Microprocessor: A CPU for digital computing systems contained within a single integrated circuit (also known as a microchip, hence the prefix in the word “microprocessor”) or a small grouping of integrated circuits. Intel introduced the world's first microprocessor, dubbed the 4004, in 1971.

Midjourney: A research lab that launched a text-to-image AI model by the same name in open beta in 2022.

Model: In the context of AI and ML, a model is an algorithm that’s trained to detect patterns and make predictions based on a particular dataset.

Model drift: The tendency for the performance of an AI model to degrade over time as its external environment changes, thereby also causing the relationship between input and output variables to change.

Moore’s Law: A principle, based on an observation usually attributed to former Intel CEO Gordon Moore, which holds that the number of transistors that can be contained within an integrated circuit (i.e., a microchip) doubles roughly every two years.

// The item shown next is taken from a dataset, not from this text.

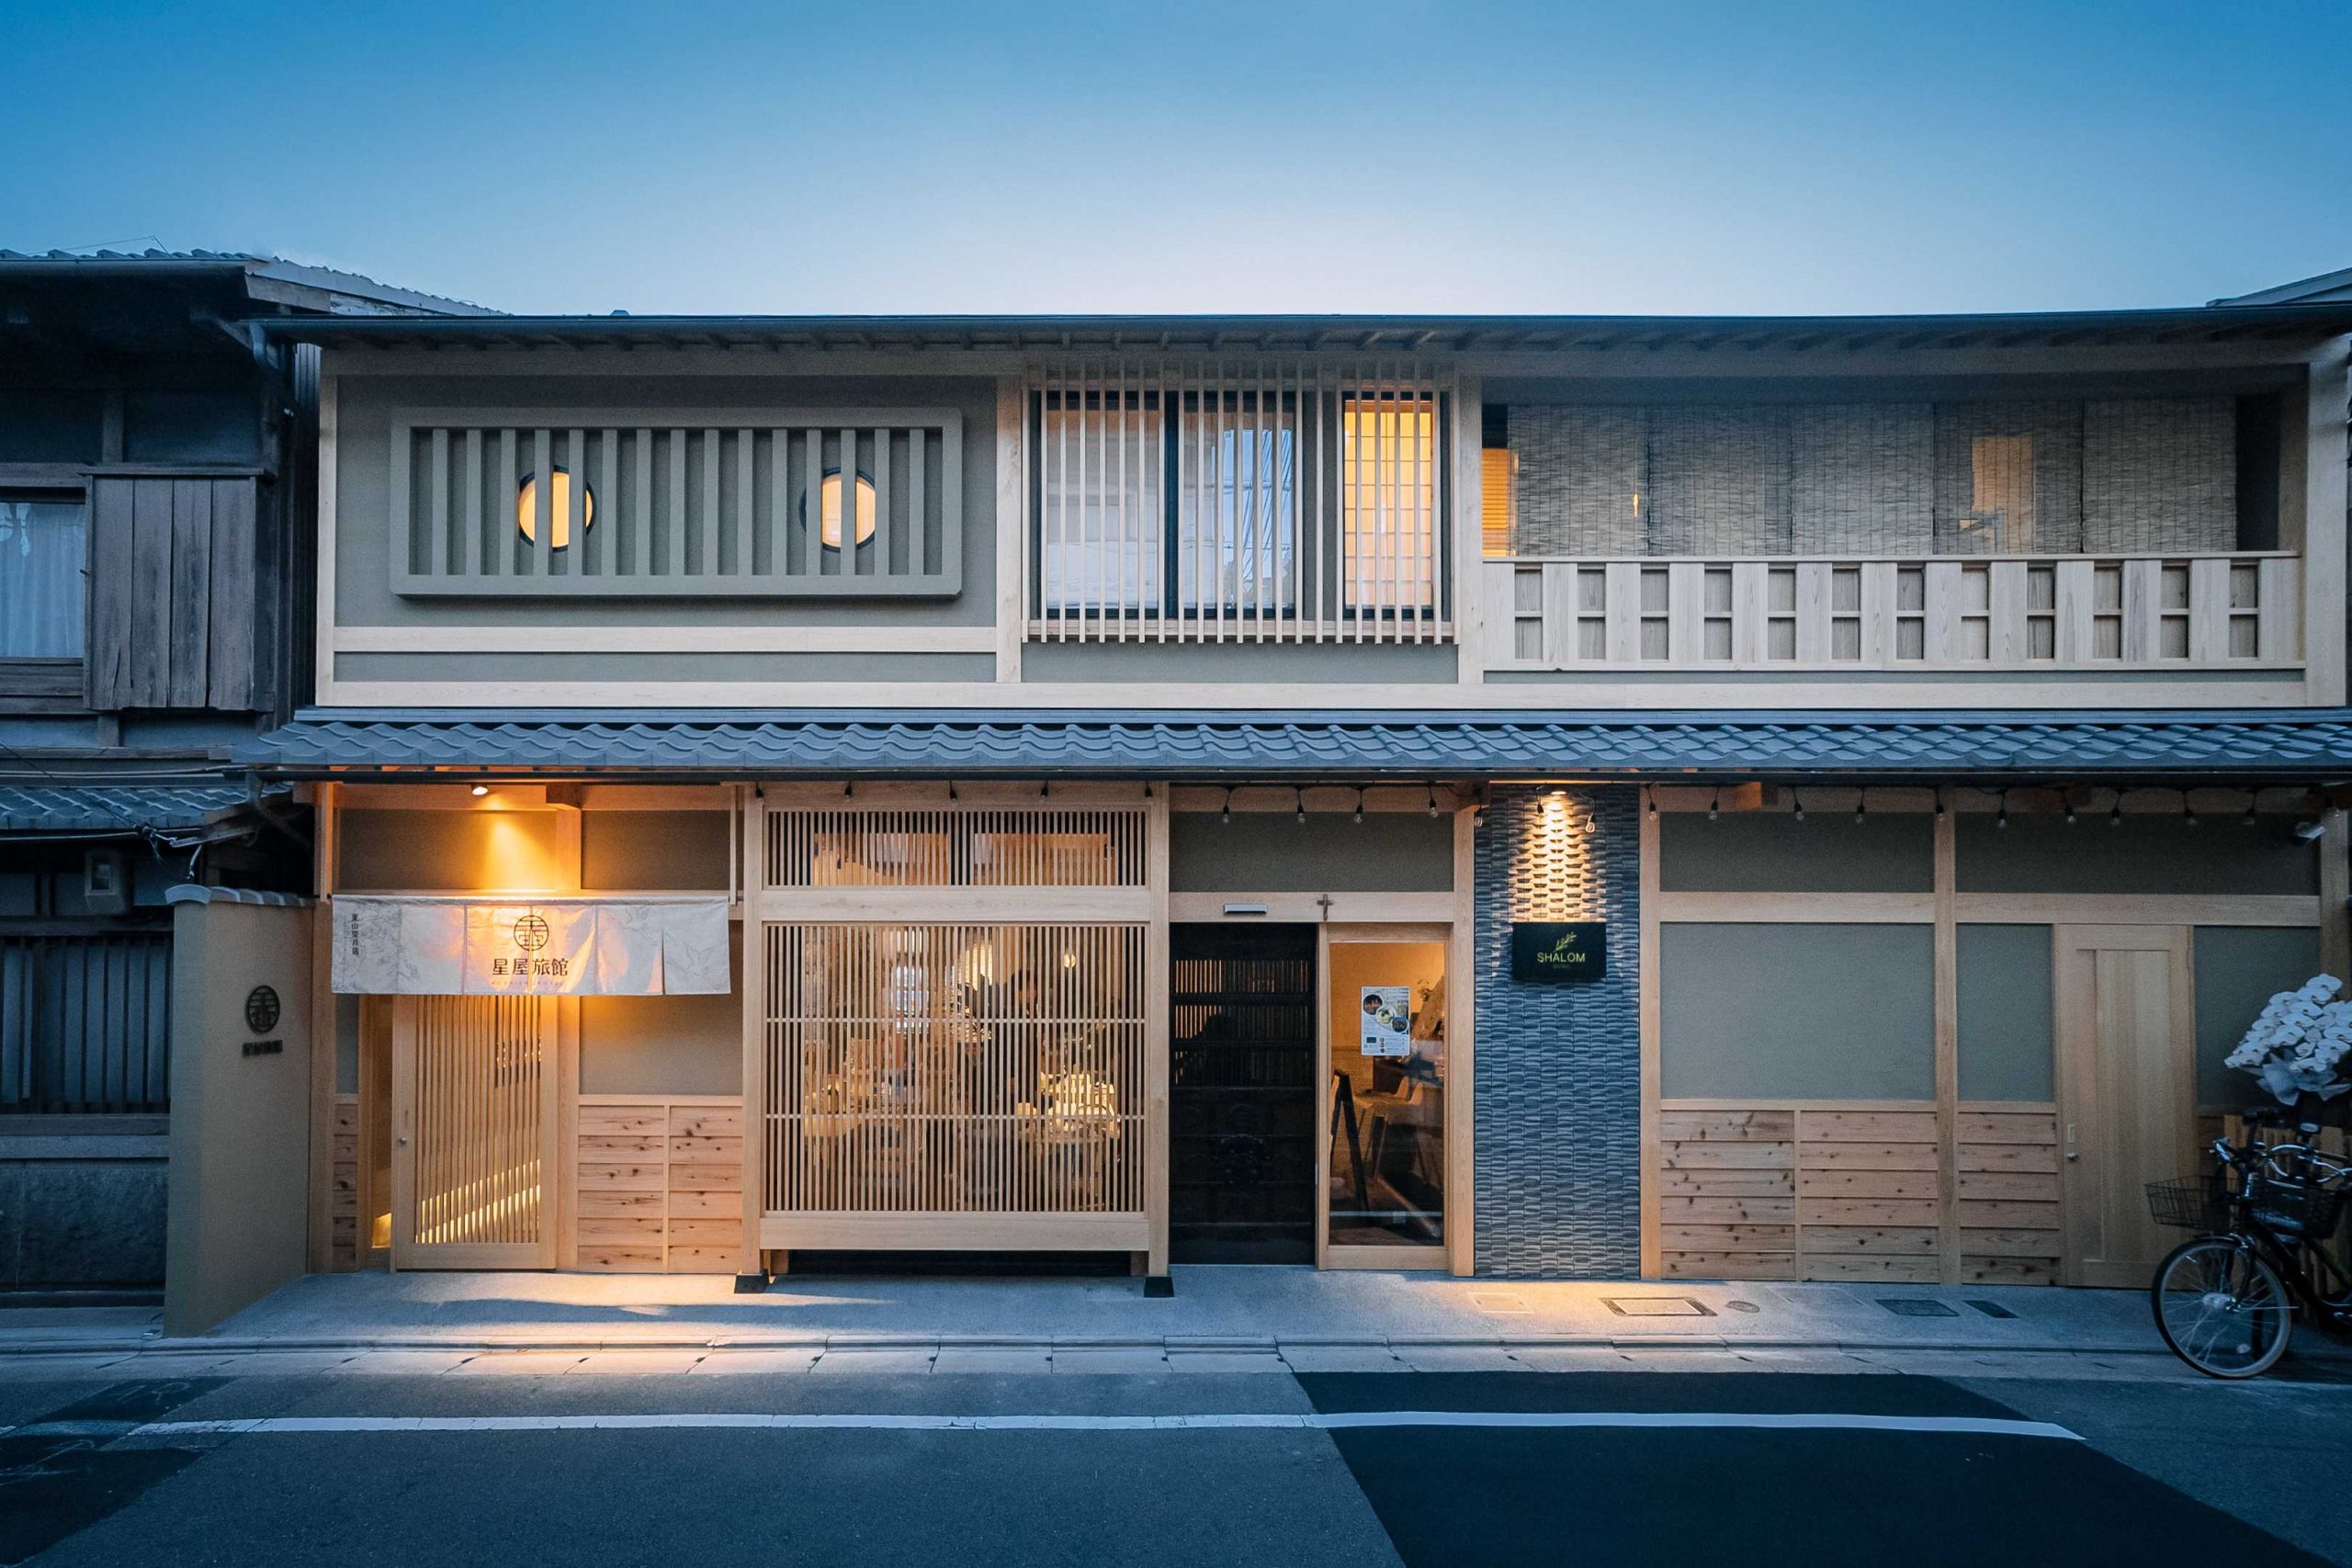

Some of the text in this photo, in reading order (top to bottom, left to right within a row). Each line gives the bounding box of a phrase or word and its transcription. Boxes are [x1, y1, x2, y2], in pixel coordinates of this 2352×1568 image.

[1537, 953, 1586, 963] SHALOM
[492, 958, 569, 976] 星屋旅館

Moravec’s Paradox: Named after the computer scientist Hans Moravec, this paradox refers to the fact that machines are able to easily carry out functions that are difficult for most human beings – such as performing complex mathematical calculations – and yet they struggle to do things – like perform basic motor tasks or read social cues – that most human beings are able to do with little to no effort.

Natural language processing (NLP): A branch of artificial intelligence – that also blends elements of linguistics and computer science – aimed at enabling computers to understand verbal and written language in a manner that imitates the human brain’s language-processing capability.

Objective function: A mathematical formula that's used to measure the accuracy of an AI model’s predictions, and thereby its overall ability to carry out a given task. An objective function can be likened to a numerical score which shows an AI model how effectively it’s performing; a high score conveys that it’s on the right track, while a low score suggests that it probably needs to implement a different problem-solving strategy.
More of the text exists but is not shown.